STUDY HINT: Consider the athlete’s current fitness level and time constraints when determining frequency.

3. Intensity

  • Refers to the level of exertion during training.
  • Can be measured using:
    • Heart rate (HR): Expressed as a percentage of maximum heart rate (MHR) or heart rate reserve (HRR).
    • Rate of Perceived Exertion (RPE): A subjective scale (e.g., Borg scale) that measures how hard the individual feels they are working.
    • Accelerometers/GPS: Provide objective data on movement and workload.
  • Training Zones:
    • Aerobic Zone: 60-80% MHR
    • Anaerobic Zone: 80-90% MHR

COMMON MISTAKE: Confusing intensity with volume (duration).
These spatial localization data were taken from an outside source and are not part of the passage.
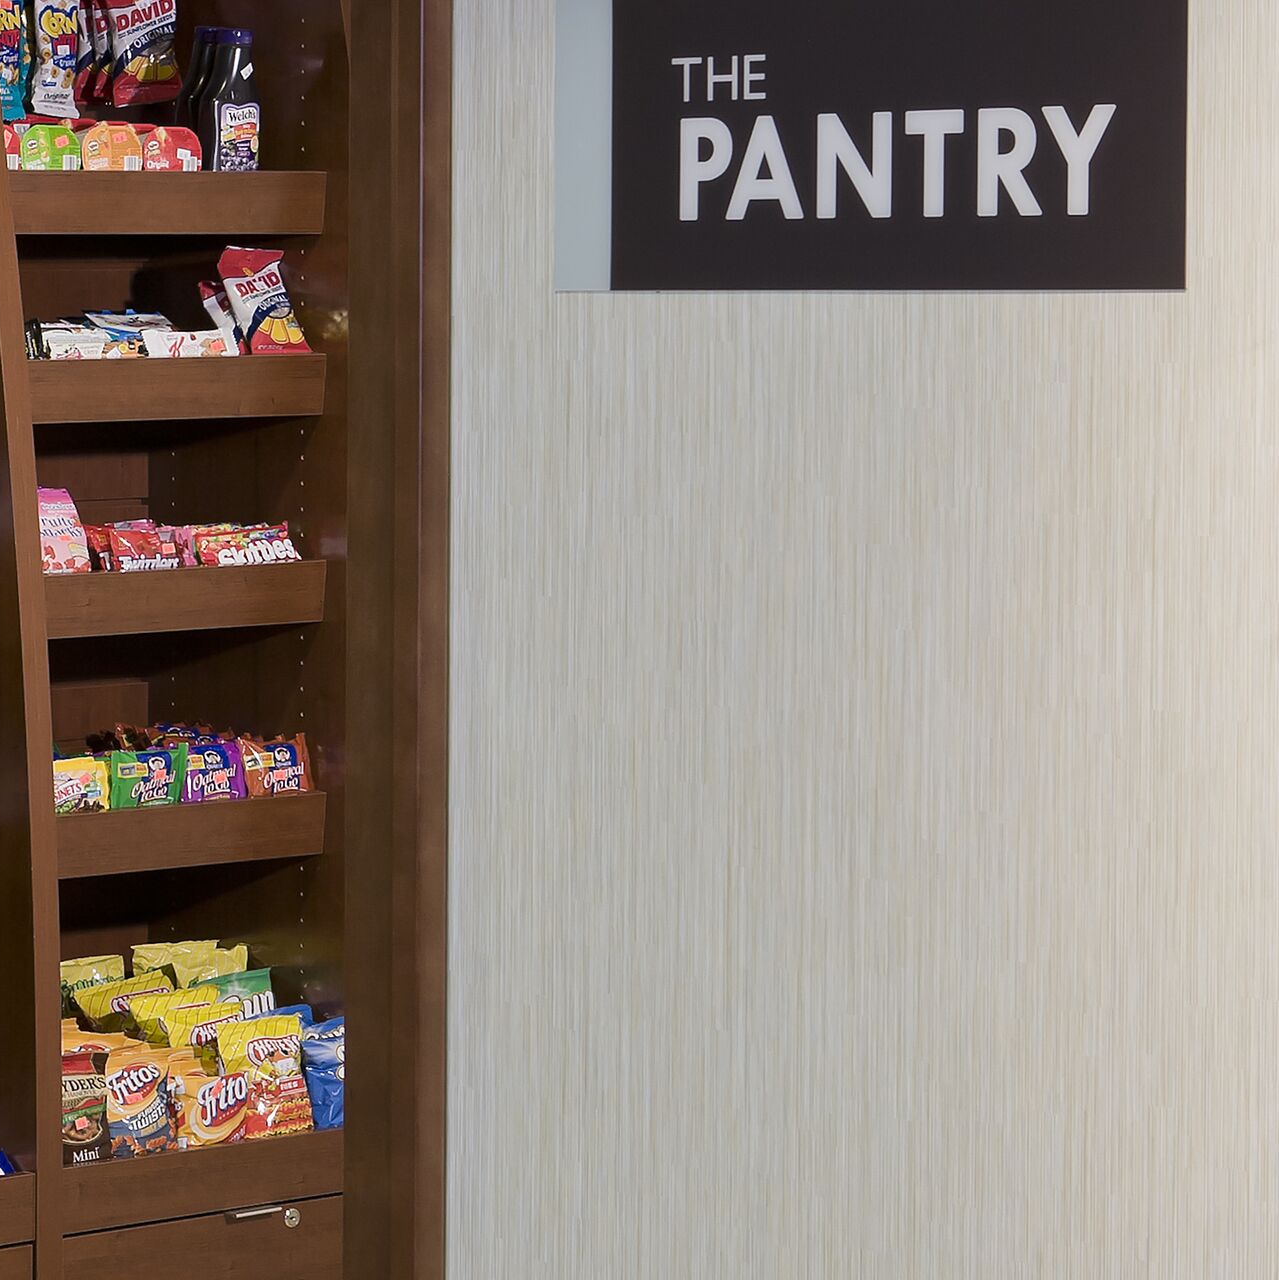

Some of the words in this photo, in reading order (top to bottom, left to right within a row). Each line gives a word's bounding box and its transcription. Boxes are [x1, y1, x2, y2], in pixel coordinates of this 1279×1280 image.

[132, 24, 175, 49] ORIGINAL
[671, 53, 767, 103] THE
[228, 109, 256, 122] Welch's
[678, 103, 1118, 222] PANTRY
[217, 538, 297, 566] Skittles
[62, 1075, 107, 1093] YDER'S
[105, 1061, 161, 1106] Fritos
[197, 1071, 249, 1127] Frito
Intensity refers to how hard you are working, not how long.

4. Time (Duration)

  • Refers to the length of each training session or the overall length of the training program.
  • Depends on the intensity and type of training.
  • Longer duration is generally used for aerobic training, while shorter durations are used for high-intensity interval training (HIIT).

EXAM TIP: Be prepared to justify the chosen duration based on the fitness component being targeted.

5. Type

  • Refers to the specific training method used (e.g., continuous training, interval training, resistance training).
  • Should be chosen based on the principle of specificity.

6. Progression (Overload)

  • Gradually increasing the training load over time to stimulate further improvements.
  • Overload can be achieved by increasing:
    • Frequency
    • Intensity
    • Time (duration)
    • Type (introducing more challenging exercises)
  • Only overload one parameter at a time, and never by more than 10% per week to minimize injury risk.
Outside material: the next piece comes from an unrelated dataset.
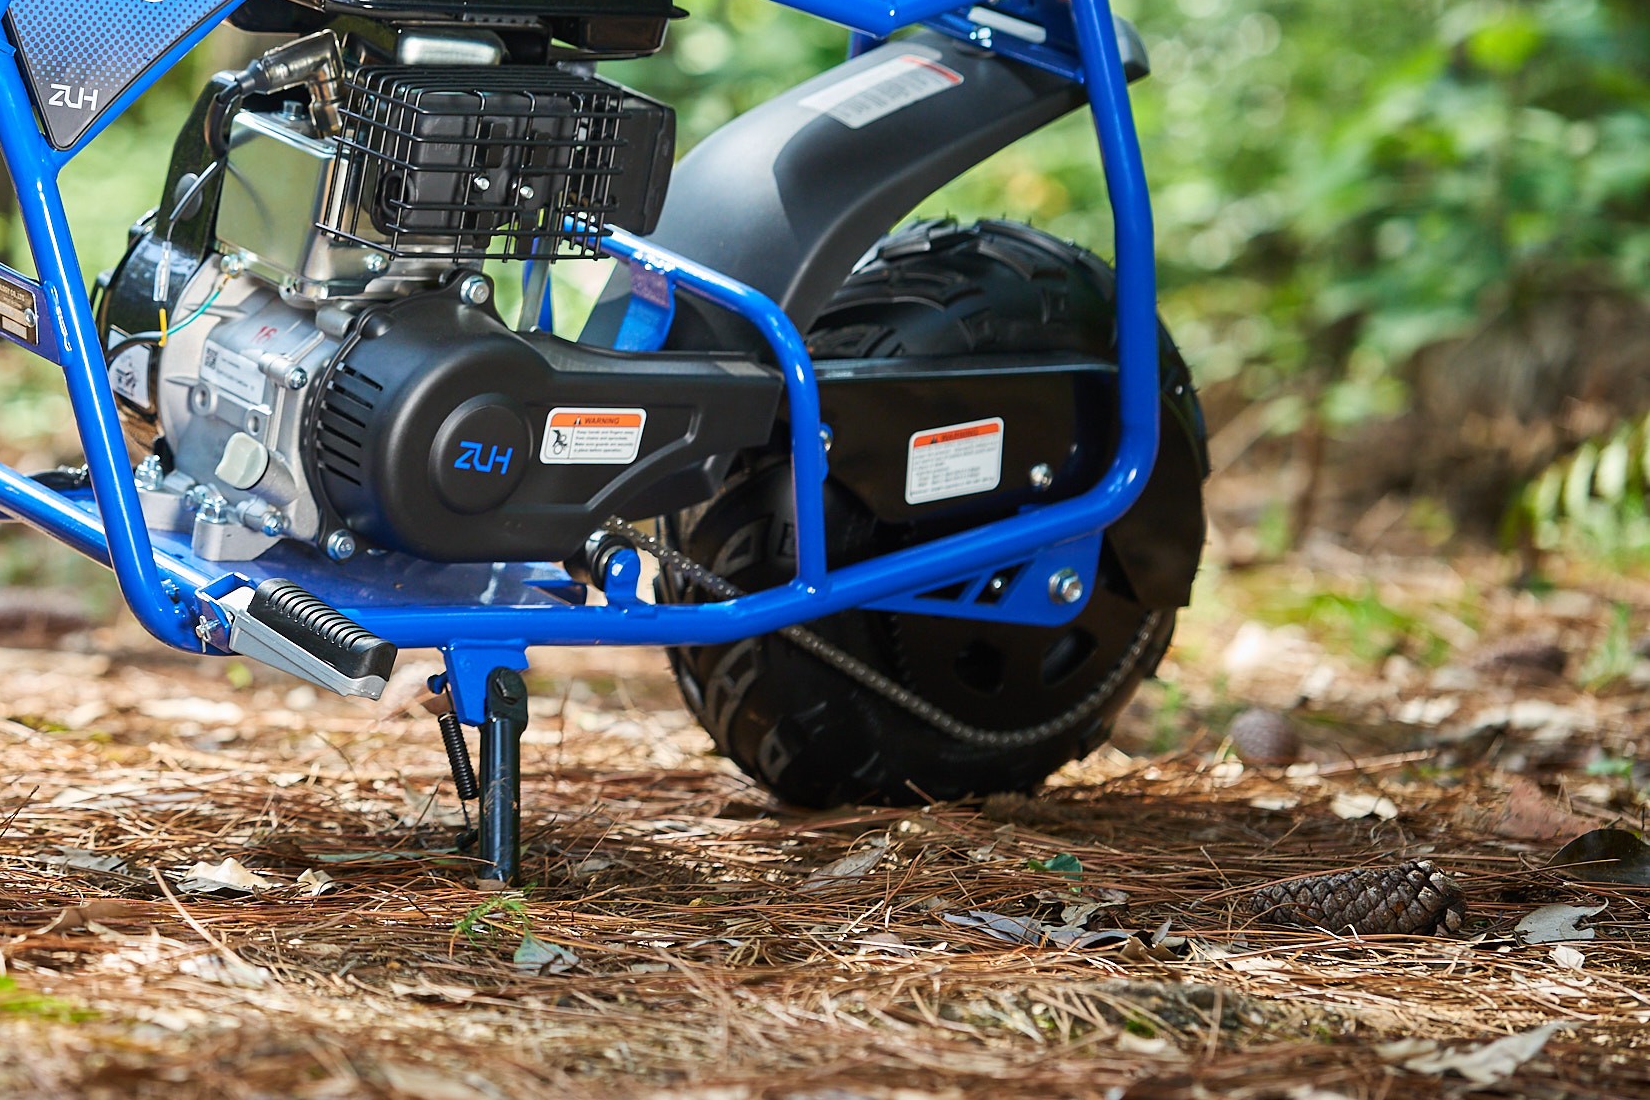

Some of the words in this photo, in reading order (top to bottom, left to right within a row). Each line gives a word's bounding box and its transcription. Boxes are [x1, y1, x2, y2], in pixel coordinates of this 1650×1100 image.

[48, 83, 99, 112] ZUH
[584, 417, 620, 425] WARNING
[453, 440, 514, 475] ZUH
REMEMBER: Apply overload gradually to avoid overtraining and injury.

7. Individuality

  • Training programs should be tailored to the individual’s:
    • Current fitness level
    • Training history
    • Goals
    • Genetics
    • Age
    • Gender
    • Motivation

APPLICATION: A program that works for one athlete may not be suitable for another.

8. Diminishing Returns

  • As an individual becomes fitter, the rate of improvement decreases.
  • It becomes progressively harder to achieve the same relative gains.
  • Well-trained athletes require more sophisticated training methods to continue improving.

KEY TAKEAWAY: Initial fitness gains are often rapid, but progress slows down as fitness levels increase.

9. Variety

  • Using different training methods and exercises to prevent boredom and maintain motivation.
  • Variety should still align with the principle of specificity.
  • Can involve changing the order of exercises, using different equipment, or trying new training methods.

STUDY HINT: Variety is important for adherence, but don’t sacrifice specificity for novelty.

10. Maintenance

  • Maintaining existing fitness levels requires less training than it took to achieve them.
  • Frequency can often be reduced to two sessions per week without significant loss of fitness.

EXAM TIP: Understand that maintenance training requires less effort than improvement training.

11. Tapering

  • Reducing training volume and intensity in the days or weeks leading up to a competition.
  • Allows the body to recover and replenish energy stores.
  • Optimizes performance by reducing fatigue and maximizing readiness.

12. Overtraining

  • Occurs when the body is not given enough time to recover from training.
  • Can lead to:
    • Decreased performance
    • Increased risk of injury
    • Fatigue
    • Mood disturbances
    • Illness
  • Prevention:
    • Adequate rest and recovery
    • Proper nutrition
    • Monitoring training load

13. Detraining

  • The loss of fitness gains when training is reduced or stopped.
  • Fitness gains are quickly reversed if training is not maintained.
  • The rate of detraining depends on the fitness component and the duration of inactivity.
  • Cardiovascular fitness declines faster than strength.

VCAA FOCUS: Questions often present scenarios involving overtraining or detraining and ask students to identify the causes and consequences.